Saved data entries:

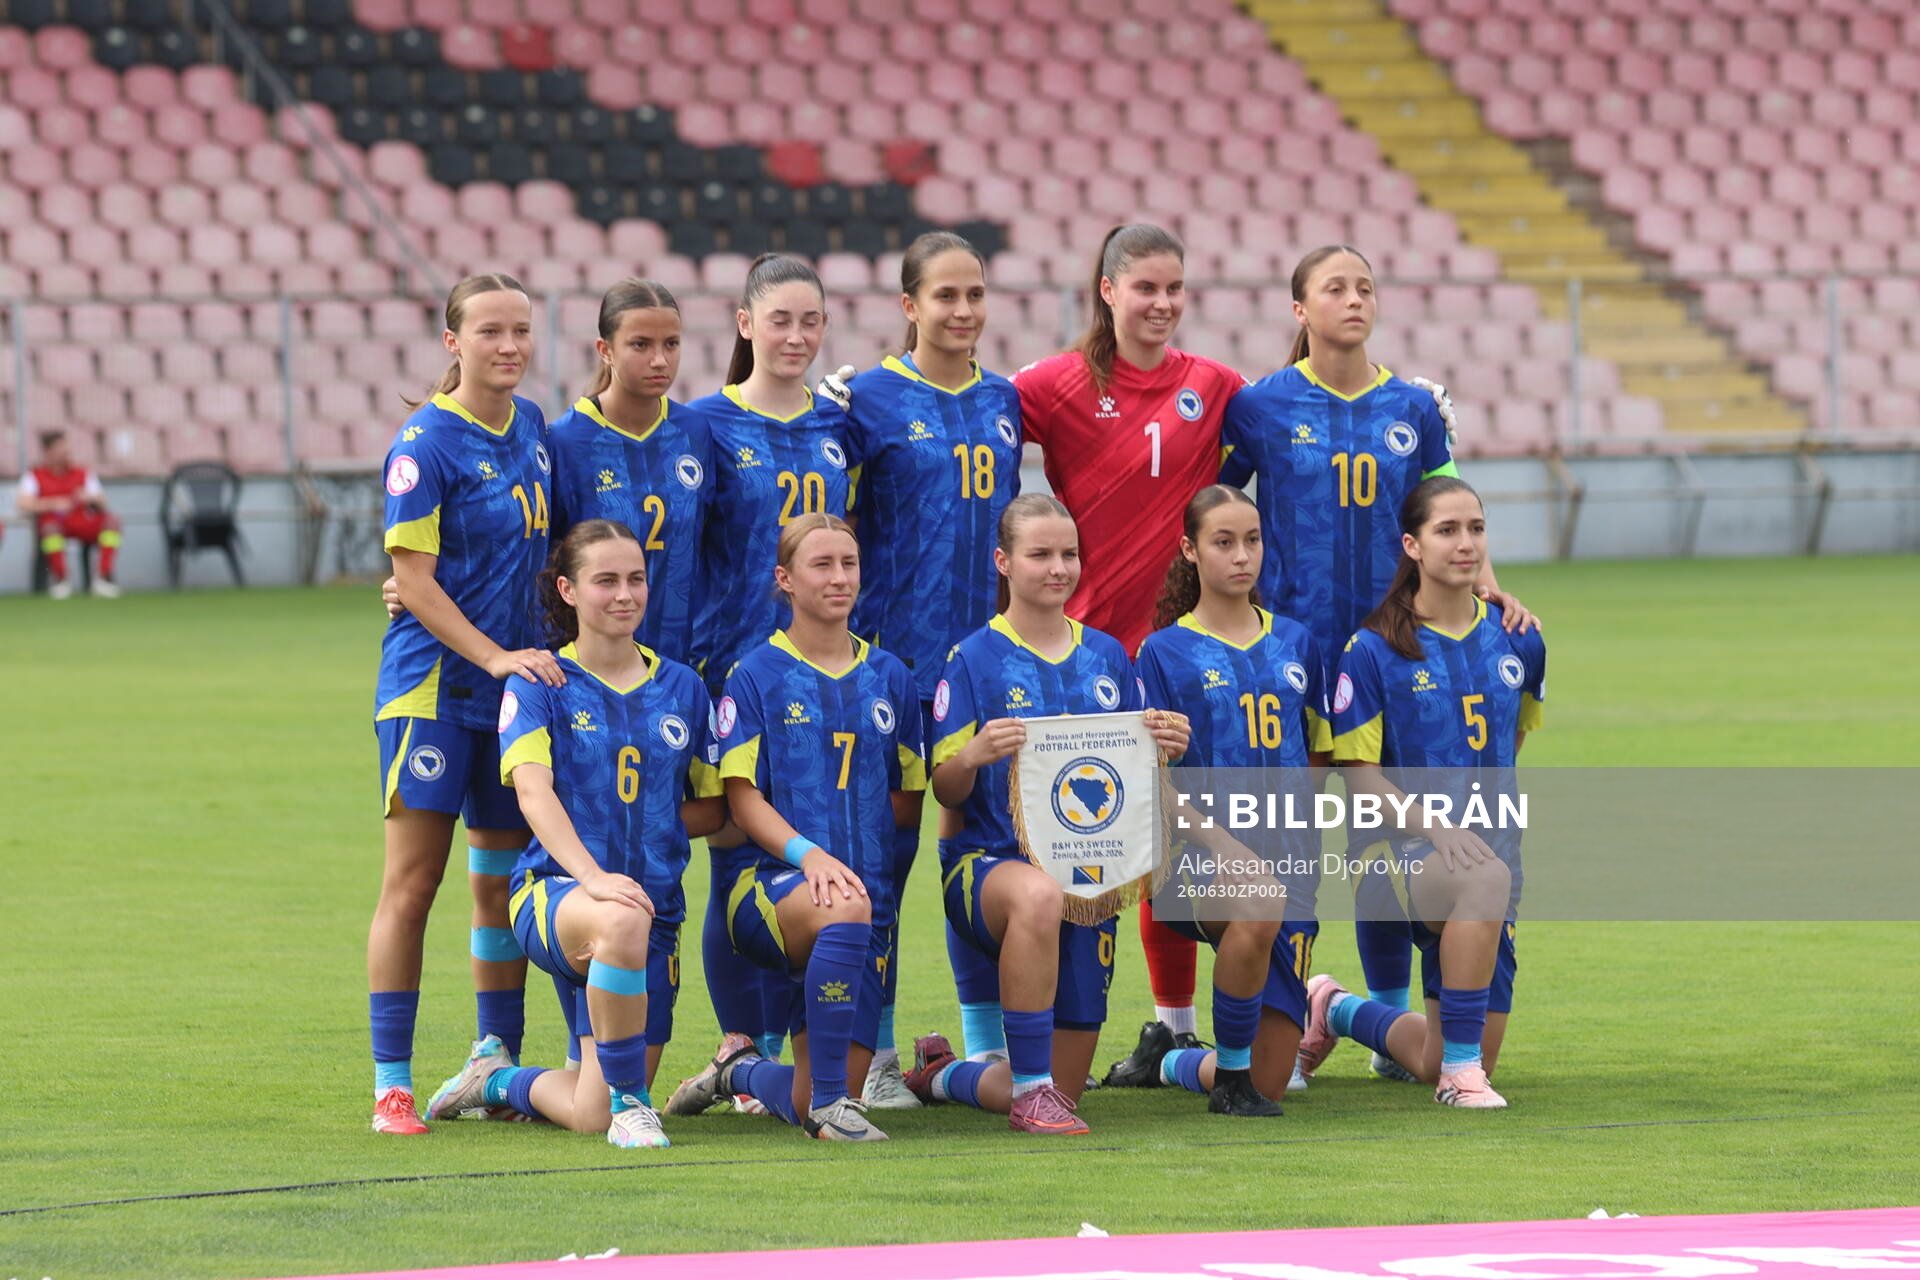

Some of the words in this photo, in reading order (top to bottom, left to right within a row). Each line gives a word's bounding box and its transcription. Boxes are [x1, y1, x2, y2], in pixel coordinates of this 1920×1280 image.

[908, 432, 934, 441] KELME
[1144, 421, 1161, 477] 1
[736, 460, 762, 471] KELME
[953, 443, 995, 499] 18
[596, 481, 623, 493] KELME
[1331, 452, 1377, 508] 10
[777, 471, 825, 527] 20
[512, 481, 549, 539] 14
[644, 495, 665, 551] 2
[1203, 679, 1229, 690] KELME
[1412, 683, 1438, 693] KELME
[1006, 701, 1032, 709] KELME
[571, 722, 597, 732] KELME
[783, 715, 811, 725] KELME
[1239, 692, 1282, 750] 16
[1462, 693, 1487, 752] 5
[1045, 733, 1069, 741] Bosnia
[1071, 732, 1084, 740] and
[1086, 729, 1129, 740] Herzegovina
[1034, 742, 1080, 753] FOOTBALL
[1082, 737, 1138, 750] FEDERATION
[833, 731, 856, 790] 7
[617, 745, 641, 804] 6
[1051, 841, 1071, 850] B&H
[1073, 840, 1084, 849] VS
[1086, 839, 1124, 849] SWEDEN
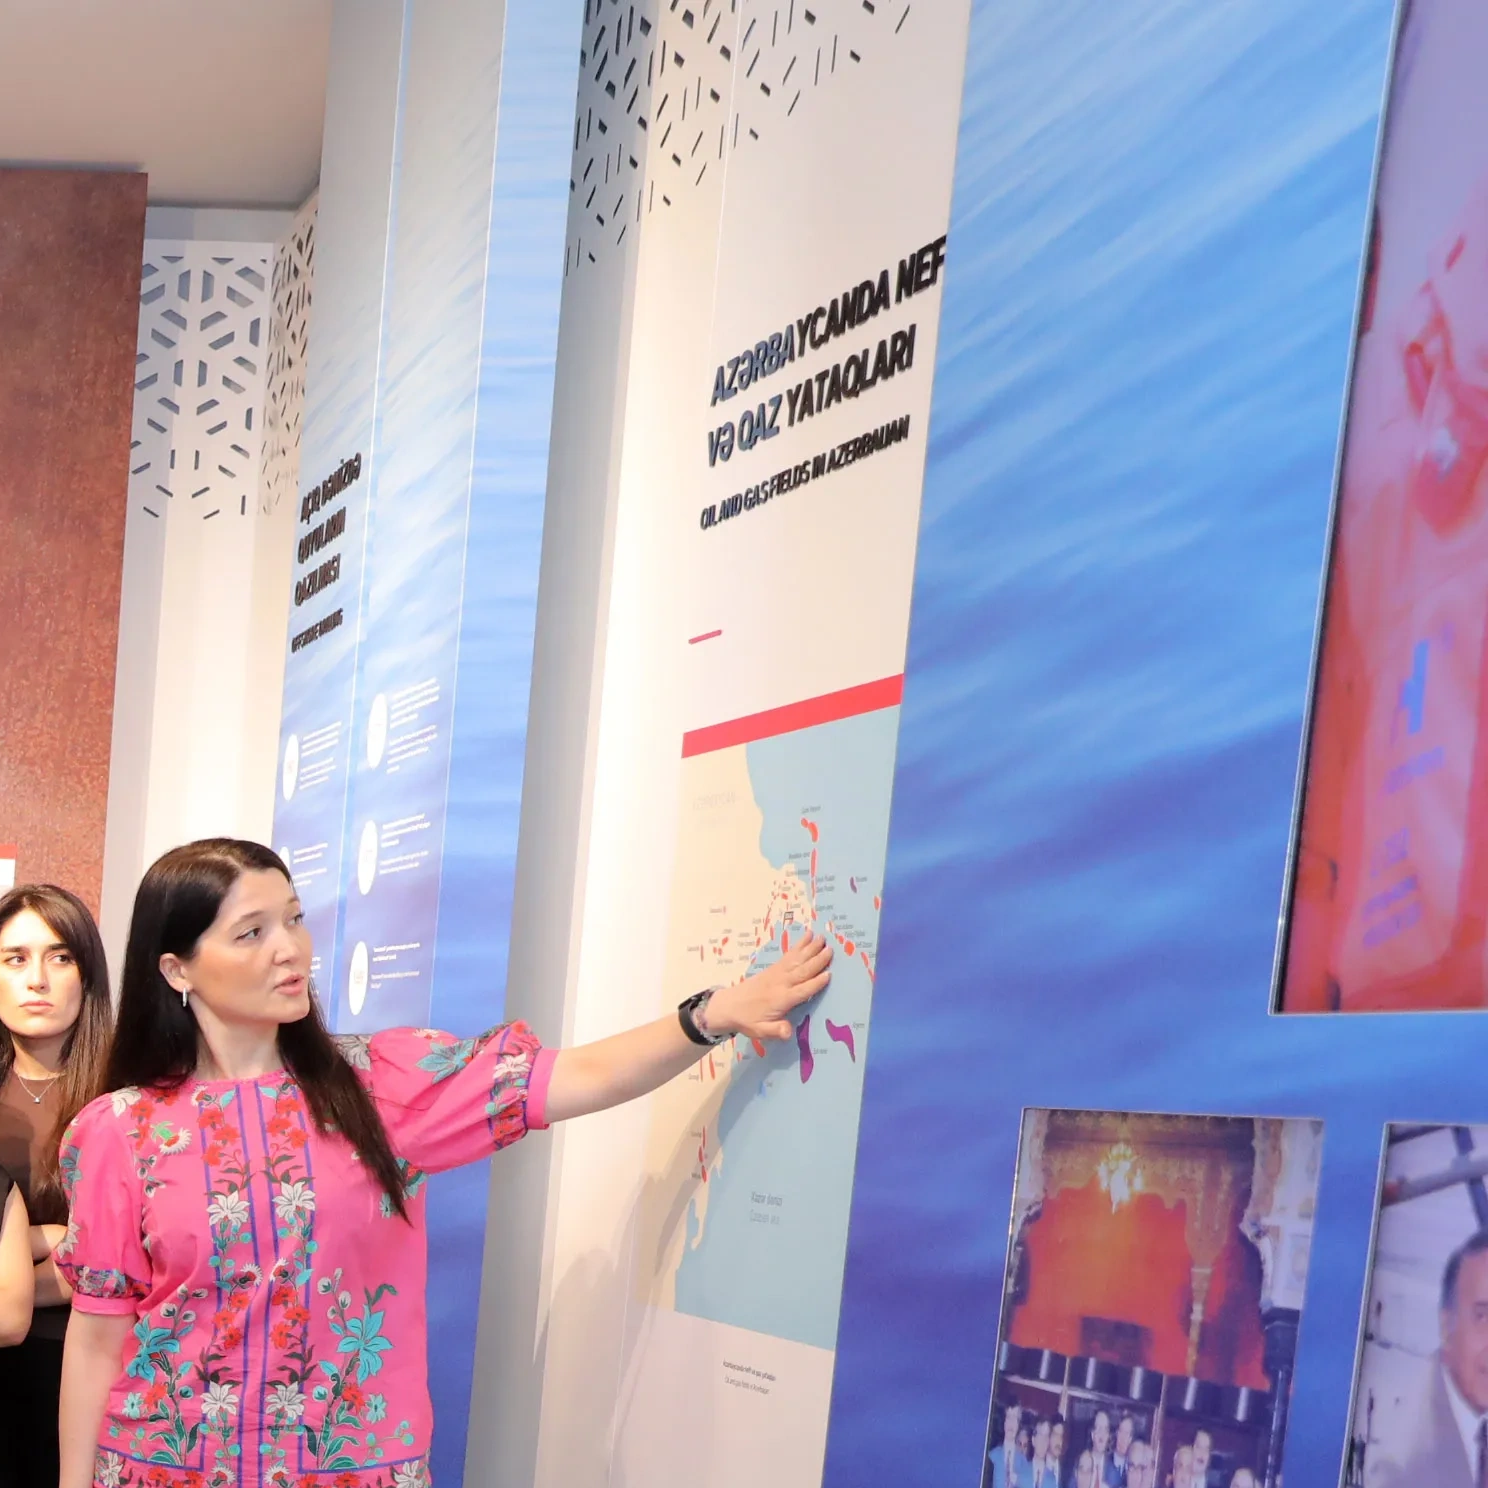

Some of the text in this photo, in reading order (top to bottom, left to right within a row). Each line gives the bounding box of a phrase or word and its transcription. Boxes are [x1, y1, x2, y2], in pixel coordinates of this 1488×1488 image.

[711, 234, 947, 407] AZƏRBAYCANDA NEF
[708, 324, 916, 467] VƏ QAZ YATAQLARI
[700, 504, 718, 530] OIL
[718, 493, 743, 522] AND
[743, 480, 768, 511] GAS
[769, 460, 811, 499] FIELDS
[811, 452, 826, 480] IN
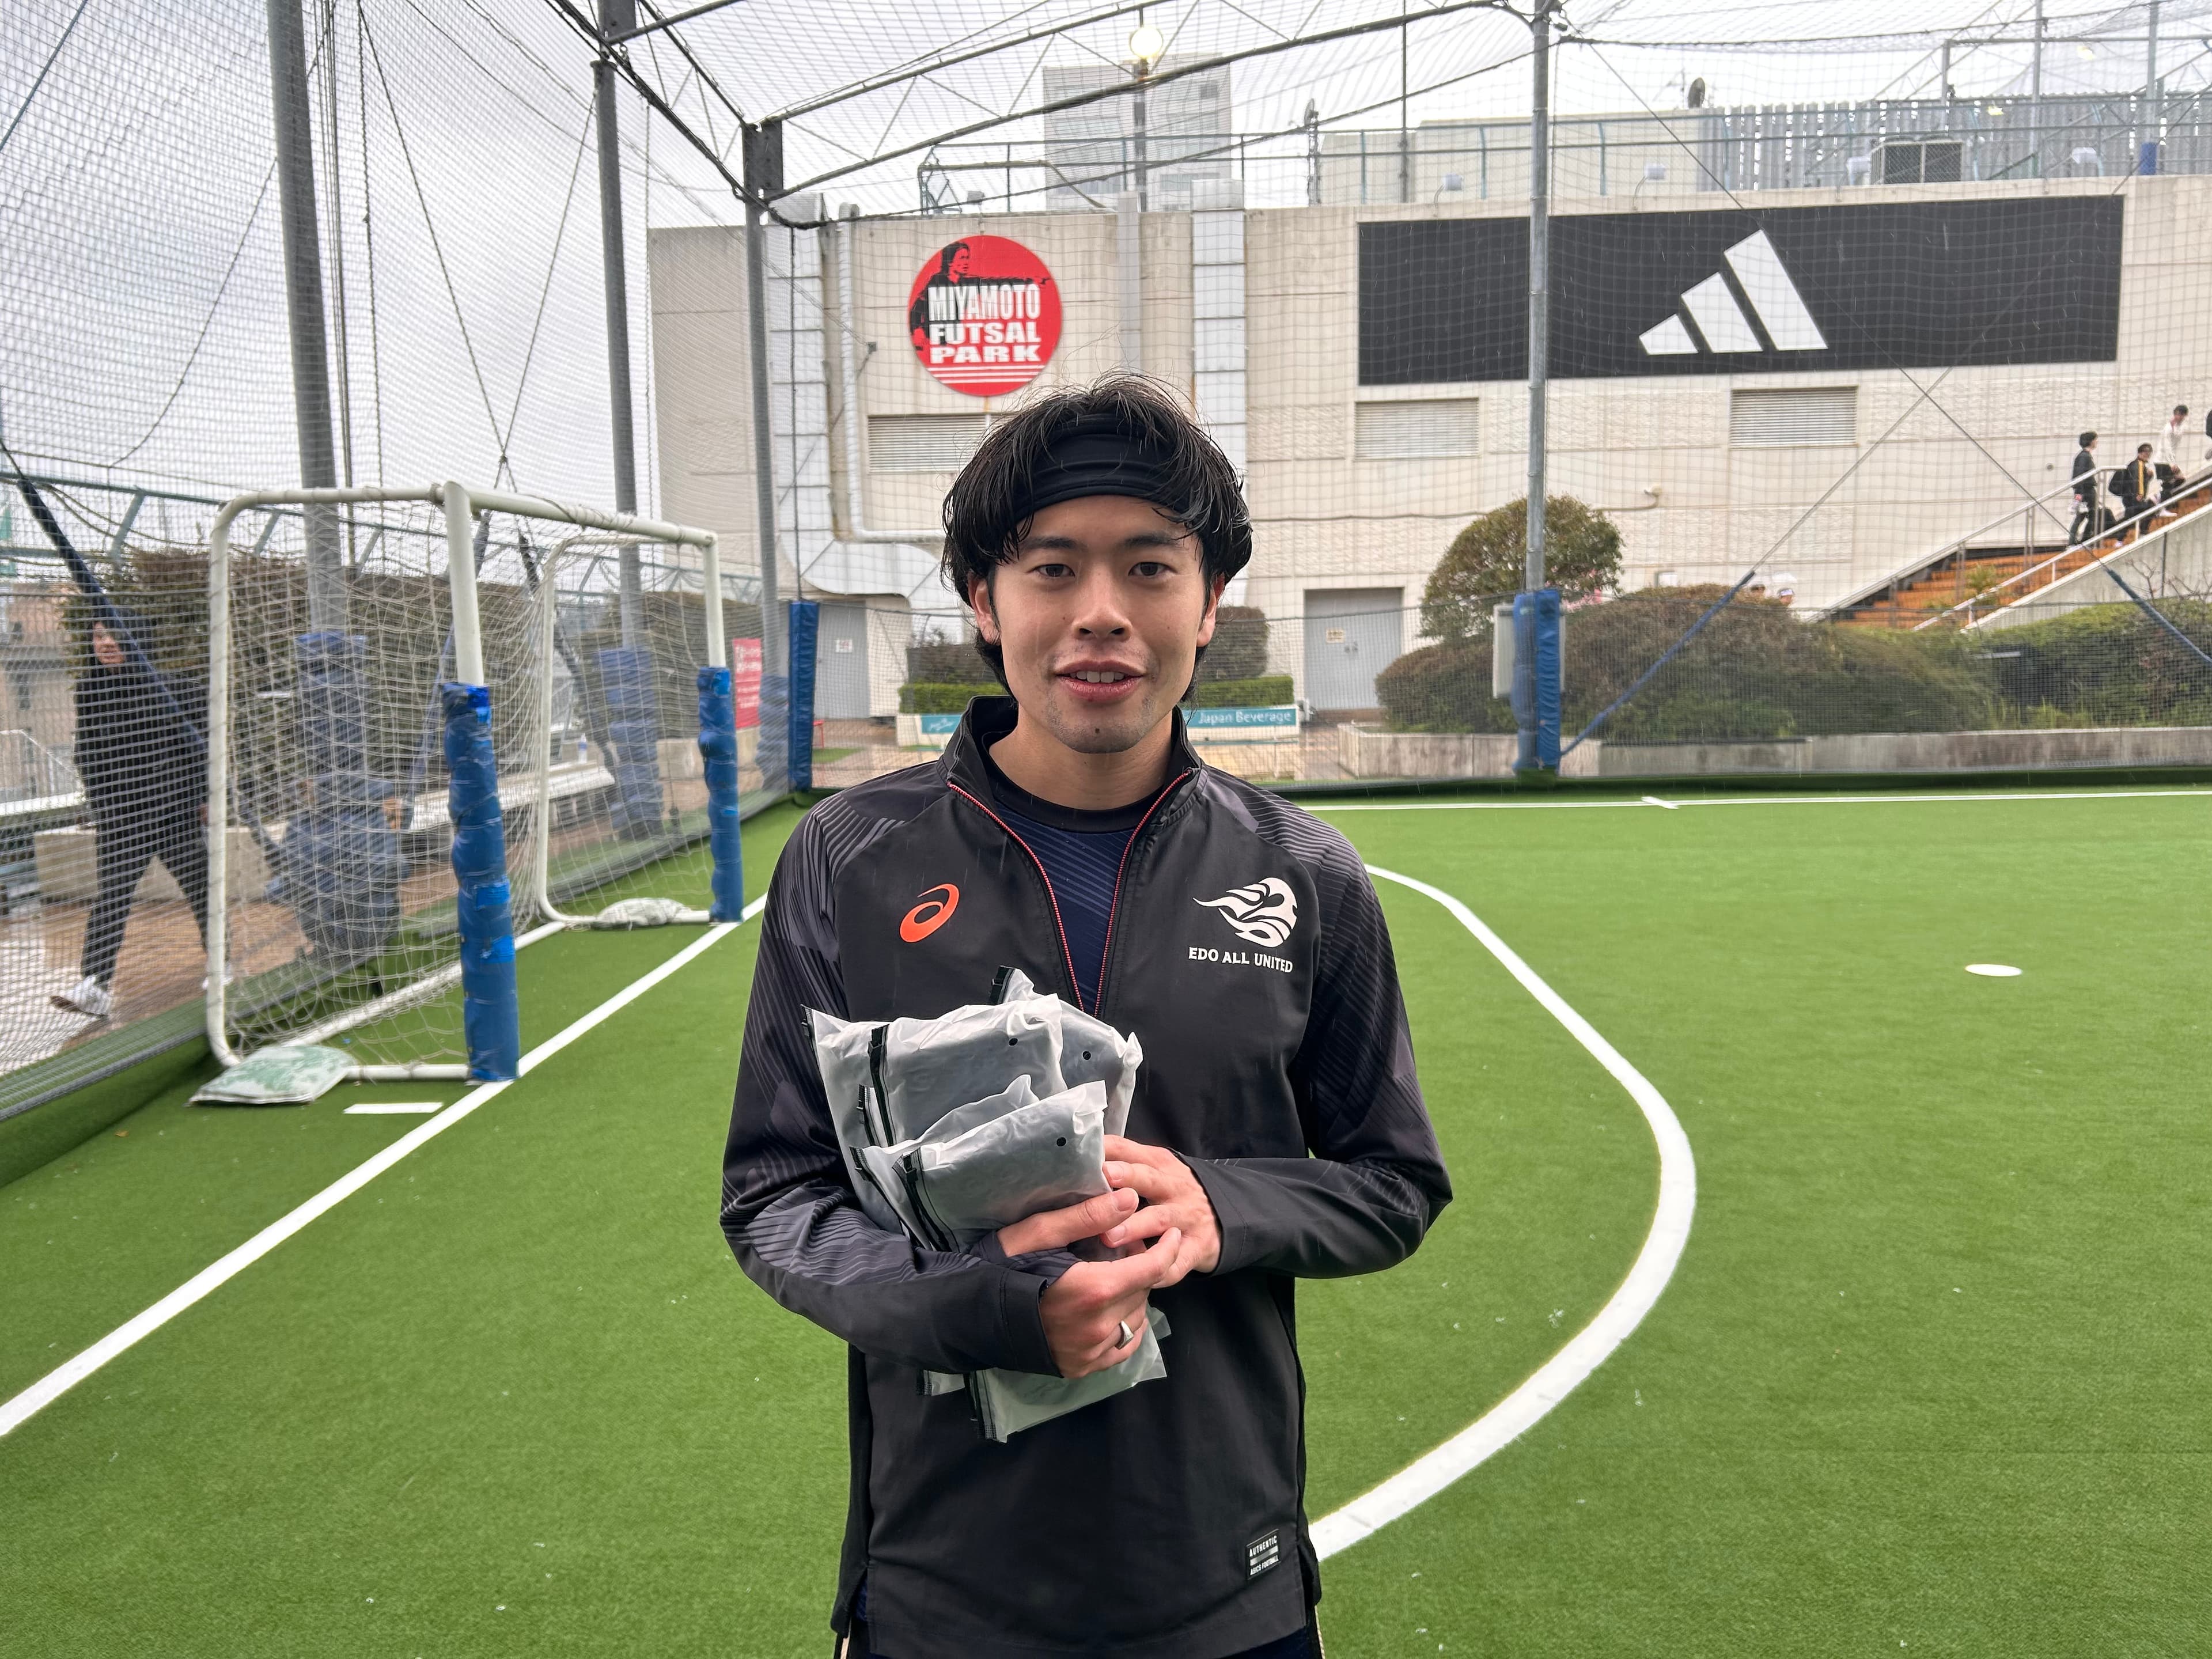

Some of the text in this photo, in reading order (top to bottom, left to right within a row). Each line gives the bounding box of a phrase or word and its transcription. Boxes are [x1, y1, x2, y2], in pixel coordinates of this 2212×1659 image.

[927, 283, 1041, 321] MIYAMOTO
[929, 321, 1041, 345] FUTSAL
[929, 345, 1041, 364] PARK
[1199, 711, 1291, 725] Japan Beverage
[1188, 946, 1293, 973] EDO ALL UNITED
[1249, 1536, 1277, 1556] AUTHENTIC

Prompt
All of the lines above must be repeated without alteration, though the pictures are to be excluded.

Your solution
Some of the words in this photo, in reading order (top to bottom, left to right within a row). Each line gives a word's bounding box and its transcription. Boxes are [x1, y1, x2, y2], in pixel coordinates of this 1920×1280 image.

[908, 432, 934, 441] KELME
[1144, 421, 1161, 477] 1
[736, 460, 762, 471] KELME
[953, 443, 995, 499] 18
[596, 481, 623, 493] KELME
[1331, 452, 1377, 508] 10
[777, 471, 825, 527] 20
[512, 481, 549, 539] 14
[644, 495, 665, 551] 2
[1203, 679, 1229, 690] KELME
[1412, 683, 1438, 693] KELME
[1006, 701, 1032, 709] KELME
[571, 722, 597, 732] KELME
[783, 715, 811, 725] KELME
[1239, 692, 1282, 750] 16
[1462, 693, 1487, 752] 5
[1045, 733, 1069, 741] Bosnia
[1071, 732, 1084, 740] and
[1086, 729, 1129, 740] Herzegovina
[1034, 742, 1080, 753] FOOTBALL
[1082, 737, 1138, 750] FEDERATION
[833, 731, 856, 790] 7
[617, 745, 641, 804] 6
[1051, 841, 1071, 850] B&H
[1073, 840, 1084, 849] VS
[1086, 839, 1124, 849] SWEDEN

Some of the text in this photo, in reading order (top to bottom, left to right within a row). Each line gives the bounding box of a phrase or word and its transcription. Boxes are [x1, y1, x2, y2], in pixel coordinates of this 1488×1488 image.

[711, 234, 947, 407] AZƏRBAYCANDA NEF
[708, 324, 916, 467] VƏ QAZ YATAQLARI
[700, 504, 718, 530] OIL
[718, 493, 743, 522] AND
[743, 480, 768, 511] GAS
[769, 460, 811, 499] FIELDS
[811, 452, 826, 480] IN

Some of the text in this photo, in reading order (top to bottom, left to right within a row). Each line gives the bounding box of a phrase or word and its transcription. Boxes are [x1, y1, x2, y2], in pixel coordinates of this 2212×1659 image.

[927, 283, 1041, 321] MIYAMOTO
[929, 321, 1041, 345] FUTSAL
[929, 345, 1041, 364] PARK
[1199, 711, 1291, 725] Japan Beverage
[1188, 946, 1293, 973] EDO ALL UNITED
[1249, 1536, 1277, 1556] AUTHENTIC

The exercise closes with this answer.